Há em cada ser humano, em cada um de nós, um desejo natural em viver situações agradáveis e de escapar a todas aquelas que, de alguma forma, acarretam sofrimento. Como se cada célula do nosso ser reclamasse o direito a uma vida prenhe de sentido. É natural, todos procurarmos escolher caminhos mais fáceis e aprazíveis, evitando as veredas estreitas e perigosas. Nem sempre conseguimos, é certo, e muitas vezes por nossa culpa ou pela ação de outros, fazemos o que não queremos, omitimos o que não desejávamos e falhamos quando não era previsível. Somos de carne e osso, somos humanos e por isso temos, cada um de nós, as nossas fragilidades. Reconhecê-lo tem de ser um caminho, não para nos desculparmos mas para nos convertermos e sermos mais ao jeito de Jesus.

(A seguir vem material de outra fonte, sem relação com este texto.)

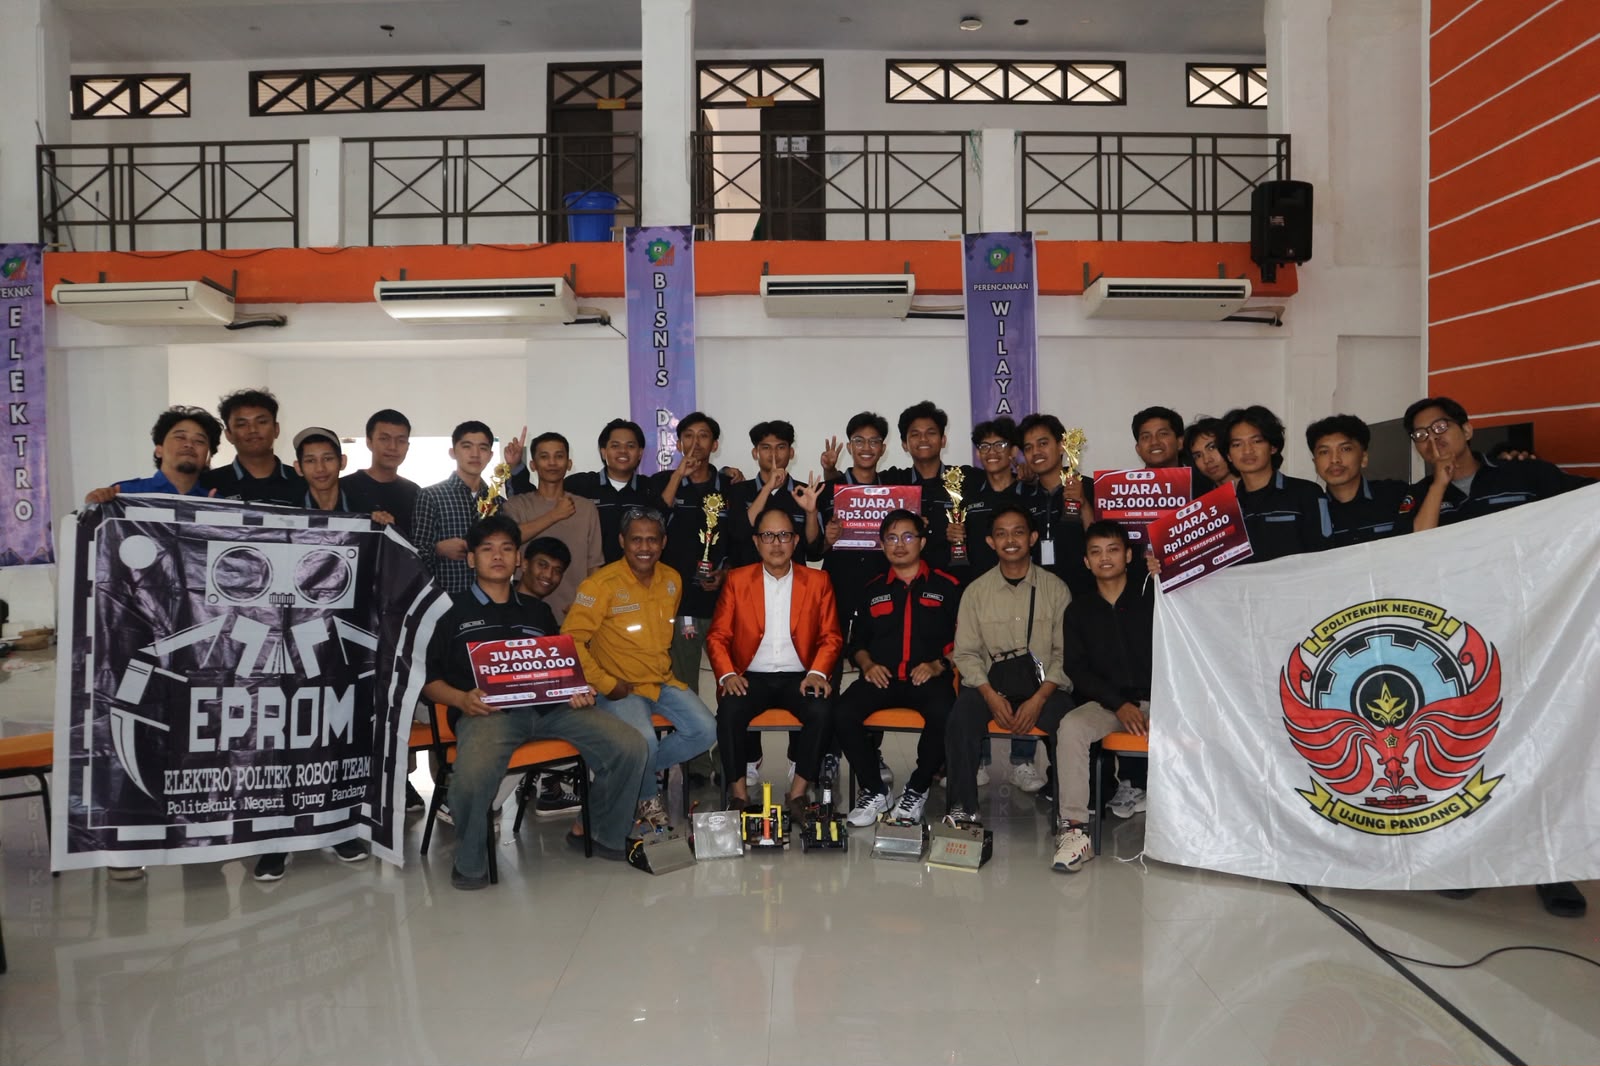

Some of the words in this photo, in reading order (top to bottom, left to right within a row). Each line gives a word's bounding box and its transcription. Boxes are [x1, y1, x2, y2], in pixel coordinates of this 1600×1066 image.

[973, 283, 1029, 291] PERENCANAAN
[654, 272, 669, 387] BISNIS
[991, 301, 1012, 414] WILAYA
[9, 307, 33, 521] ELEKTRO
[656, 409, 672, 471] DIG
[849, 498, 896, 509] JUARA
[898, 498, 904, 509] 1
[1098, 496, 1186, 511] Rp3.000.000
[1110, 483, 1162, 496] JUARA
[1165, 482, 1171, 494] 1
[837, 509, 916, 521] Rp3.000
[1168, 511, 1209, 538] JUARA
[1209, 505, 1218, 517] 3
[1163, 514, 1230, 554] Rp1.000.000
[1321, 603, 1388, 635] POLITEKNIK
[1392, 603, 1438, 621] NEGERI
[479, 657, 576, 676] Rp2.000.000
[490, 648, 546, 662] JUARA
[549, 646, 560, 657] 2
[189, 684, 356, 753] EPROM
[163, 766, 232, 795] ELEKTRO
[235, 765, 292, 791] POLTEK
[296, 760, 339, 787] ROBOT
[342, 756, 371, 781] TEAM
[167, 797, 236, 815] Politeknik
[244, 795, 285, 813] Negeri
[292, 792, 325, 810] Ujung
[331, 785, 367, 802] Pandang
[1338, 807, 1385, 830] UJUNG
[1390, 802, 1461, 830] PANDANG
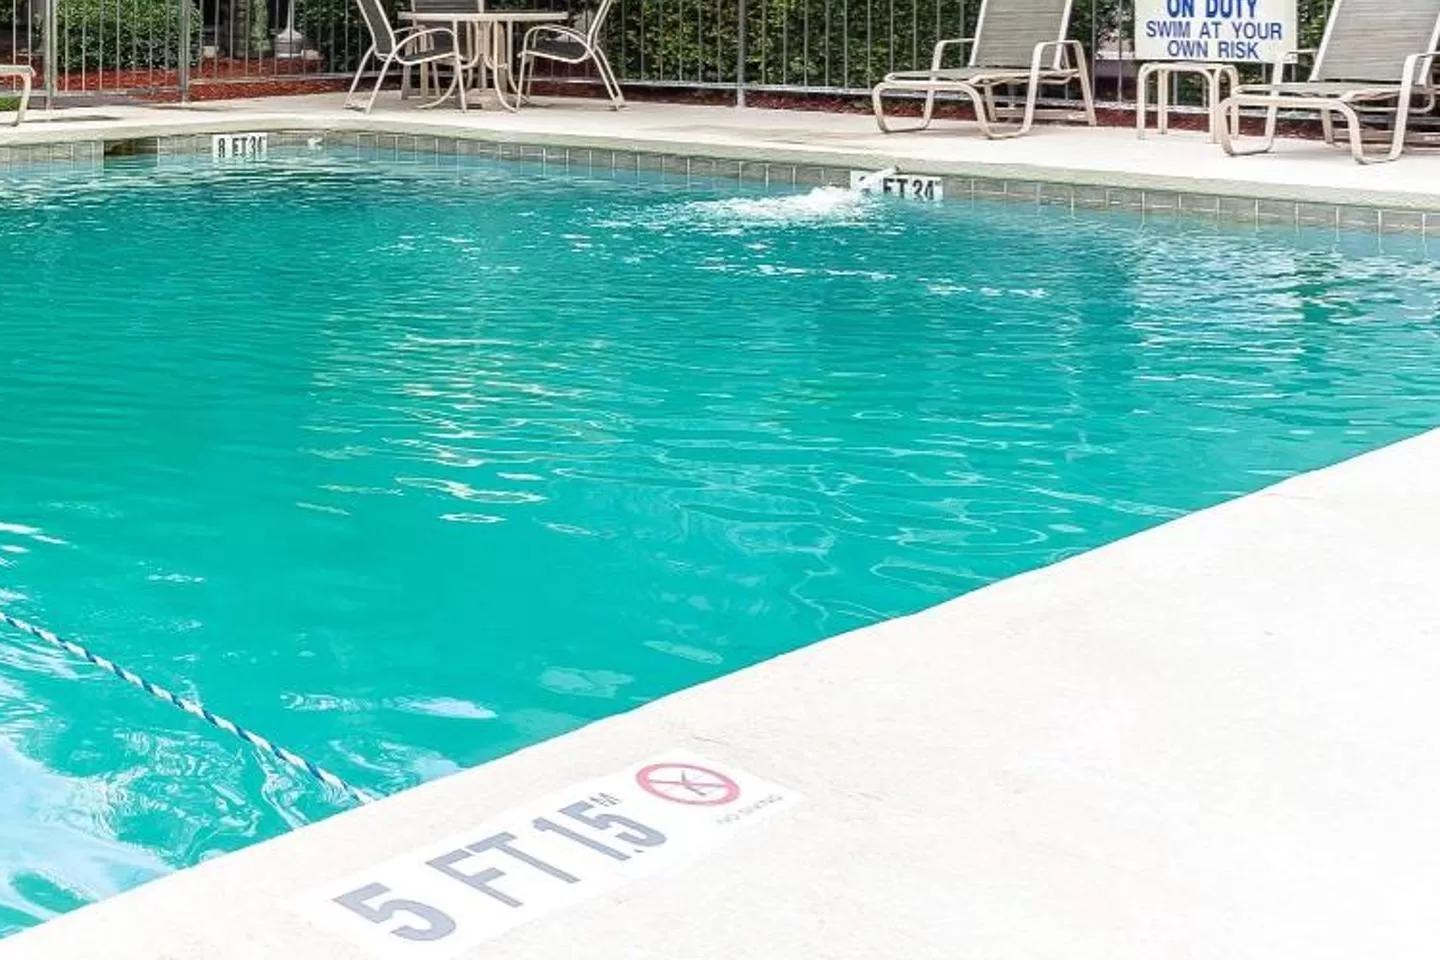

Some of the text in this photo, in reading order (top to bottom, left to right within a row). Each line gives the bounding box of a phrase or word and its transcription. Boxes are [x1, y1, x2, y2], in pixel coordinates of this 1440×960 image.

[1146, 21, 1282, 40] SWIM AT YOUR
[1167, 40, 1259, 59] OWN RISK
[883, 177, 908, 198] FT
[332, 882, 456, 942] 5
[425, 831, 581, 908] FT

Etty Hillesum no seu diário, a 12 de julho de 1942, numa das suas mais bonitas e profundas “orações”, falava assim com Deus: “Vou ajudar-te, Deus, a não me abandonares, apesar de eu não poder garantir nada com antecedência. Mas torna-se-me cada vez mais claro o seguinte: que tu não nos podes ajudar, que nós é que temos de te ajudar, e ajudando-te, ajudamo-nos a nós próprios. E esta é a única coisa que podemos preservar nestes tempos, e também a única que importa: uma parte de ti em nós, Deus”.

A notícia da nomeação do Senhor D. Armando Esteves Domingues foi uma boa notícia. O Papa deu-nos um pastor ao fim de um ano e isso, por si só, é motivo de festa. O bispo não é o tudo da diocese, mas é com ele que fazemos o todo desta Igreja local. Depois vieram as palavras, as ditas e as subentendidas, e todas elas fizeram sentido: diálogo, conhecimento, caminho, escuta, abertura, inclusão, periferias. missão… Palavras que rimam com uma igreja com todos e para todos. Que segunda boa notícia!

Num mundo como o de hoje, tão emancipado de Deus, onde parece que Ele nunca é preciso, temos tanto a fazer na vida de todos os dias.

Assinalam-se este ano os cem anos do nascimento de Eugénio de Andrade, talvez um dos poetas portugueses do século XX mais conhecidos e citados. Às vezes sinto que nos falta alguma poesia na vida e nas relações humanas. Talvez tudo fosse mais fácil.

“É urgente destruir certas palavras, ódio, solidão e crueldade, alguns lamentos, muitas espadas. É urgente inventar alegria, multiplicar os beijos, as searas, é urgente descobrir rosas e rios e manhãs claras”.

Agora que a “festa” acabou, quando “Cai o silêncio nos ombros e a luz impura, até doer. É urgente o amor, é urgente permanecer”.

A Igreja e os cristãos têm como missão manter-se vigilantes, denunciar e agir, ajudando Deus a realizar-se com os homens, construindo novos tempos, onde mesmo que Ele esteja distante, porque não se vai à missa, porque não se reza todos os dias, porque não se pertence a nenhum movimento, a Sua Palavra seja relevante e tida em conta. Sobretudo que faça a diferença e possa erguer uma nova vida. Só não colheremos aquilo que não dermos. É a minha convicção… Sobretudo depois dos dias da festa.